Int numStreams=5;
ListKafkaStreams=new ArrayList (numStreams);
for (int i=0; iKafkaStreams. Add (KafkaUtils createStream (... ));
}
JavaPairDStreamUnifiedStream=streamingContext. Union (kafkaStreams. Get (0), kafkaStreams subList (1, kafkaStreams. The size ()));
UnifiedStream. Print ();
Program, I use the source of kafka, single input dstream is no problem, when using multiple dstream, tested, both input data in a dstream receive, but problem is: the program runs only once, or receive data at a time, only behind no longer received, my code is as follows:
String groupId=args [0];
String zookeepers=args [1].
String switchable viewer="tpsN5a";
The Integer numPartitions=Integer. ParseInt (args [3]).
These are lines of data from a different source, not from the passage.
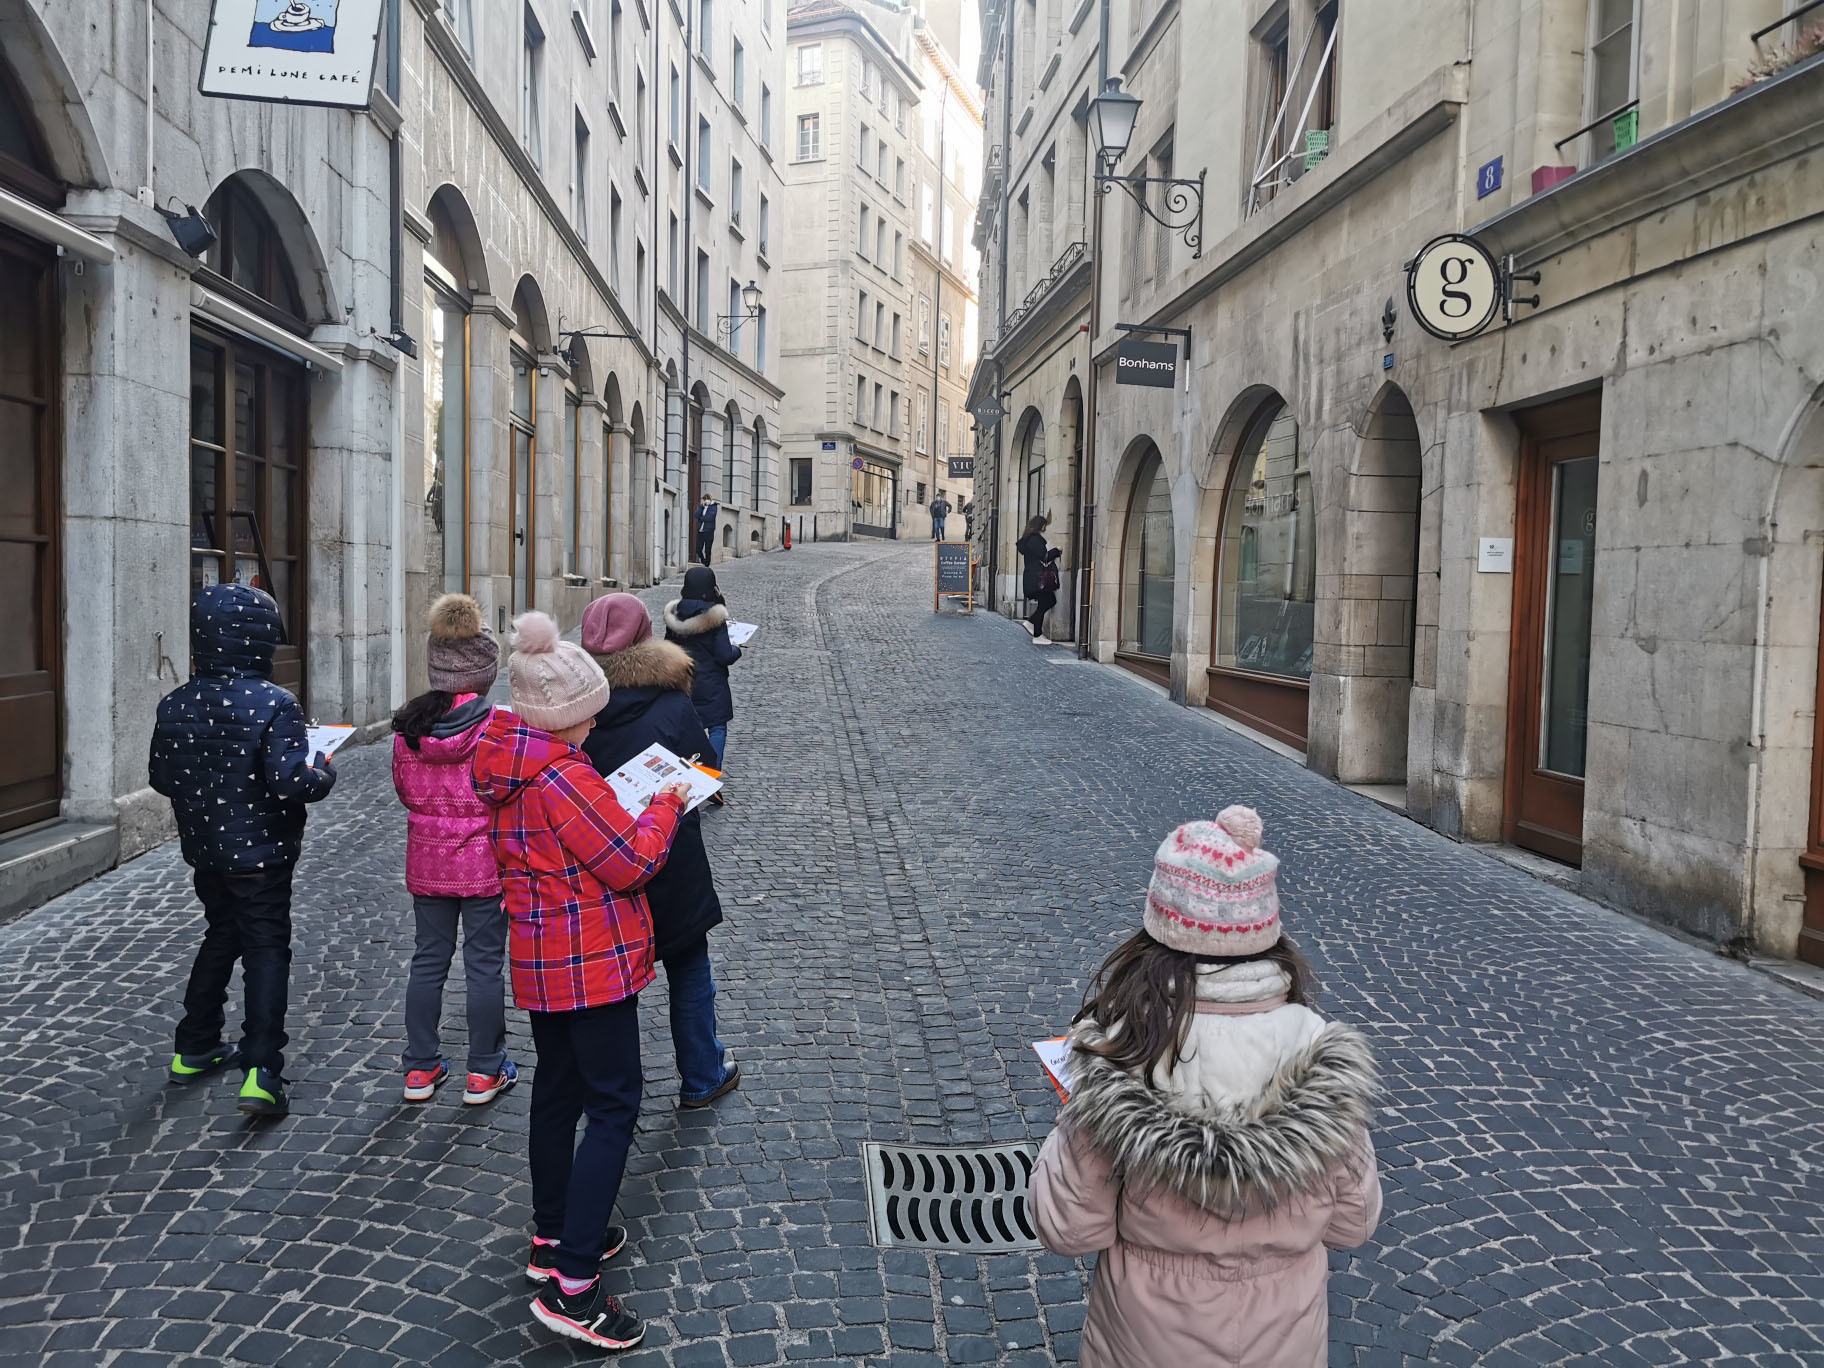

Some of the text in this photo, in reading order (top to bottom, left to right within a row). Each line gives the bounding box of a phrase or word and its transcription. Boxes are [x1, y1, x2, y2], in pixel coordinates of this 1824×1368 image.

[270, 68, 307, 79] LUNE
[319, 70, 360, 83] CAFÉ
[1485, 165, 1494, 189] 8
[1439, 257, 1475, 318] g
[1119, 357, 1174, 371] Bonhams
[952, 461, 972, 470] VIU
MapTopicsMap=new HashMap (a);
For (String topic: switchable viewer. The split (", ")) {
TopicsMap. Put (topic, numPartitions);
}
How long//statistics a
Duration batchInterval=Durations. Seconds (2);
SparkConf SparkConf=new SparkConf (.) setAppName (" JavaKafkaConsumerWordCount ");
JavaStreamingContext SSC=new JavaStreamingContext (sparkConf,
BatchInterval);
JavaPairReceiverInputDStreamKafkaStream=KafkaUtils
CreateStream (SSC, zookeepers, groupId, topicsMap, StorageLevel MEMORY_AND_DISK_SER ());
String topics2="tpsN5b";
MapTopicsMap2=new HashMap (a);
TopicsMap2. Put (topics2 numPartitions);
JavaPairReceiverInputDStreamKafkaStream2=KafkaUtils
CreateStream (SSC, zookeepers, groupId, topicsMap2, StorageLevel MEMORY_AND_DISK_SER ());
ListKafkaStreams=new ArrayList (2);
KafkaStreams. Add (kafkaStream);
KafkaStreams. Add (kafkaStream2);
SSC. Checkpoint ("/spark/stream/checkpoint/d1 ");
JavaPairDStreamUnifiedStream=SSC. Union (kafkaStreams. Get (0), kafkaStreams subList (1, kafkaStreams. The size ()));
JavaDStreamLines=unifiedStream//kafkaStream
. The map (new FunctionString> () {
@ Override
Public String call (Tuple2 & lt; String, String> Arg0)
Throws the Exception {
Logger. Warn (Thread. CurrentThread (). The getName () + "msg1:" + arg0. _1 + "| msg2:" + arg0) _2);
Return arg0) _2 ();
}
});
Ask how to solve the problems mentioned above, when using multiple input DStream receive data parallel, can continue to receive data streaming applications, not only receive a?
CodePudding user response:
I am using spark1.3.1, USES write-ahead log, I receive data of write-ahead log, can receive the kafka hair message, but how to receive less than in the programCodePudding user response:
Problem solved? I also encountered similar problems,CodePudding user response:
Run for a moment, no problem, the program finally, add the following code:SSC. Start ();
SSC. AwaitTermination ();
CodePudding user response:
Could you tell me your more input DStream groupid is the same? In other words you more input DStream belong to a consumer group?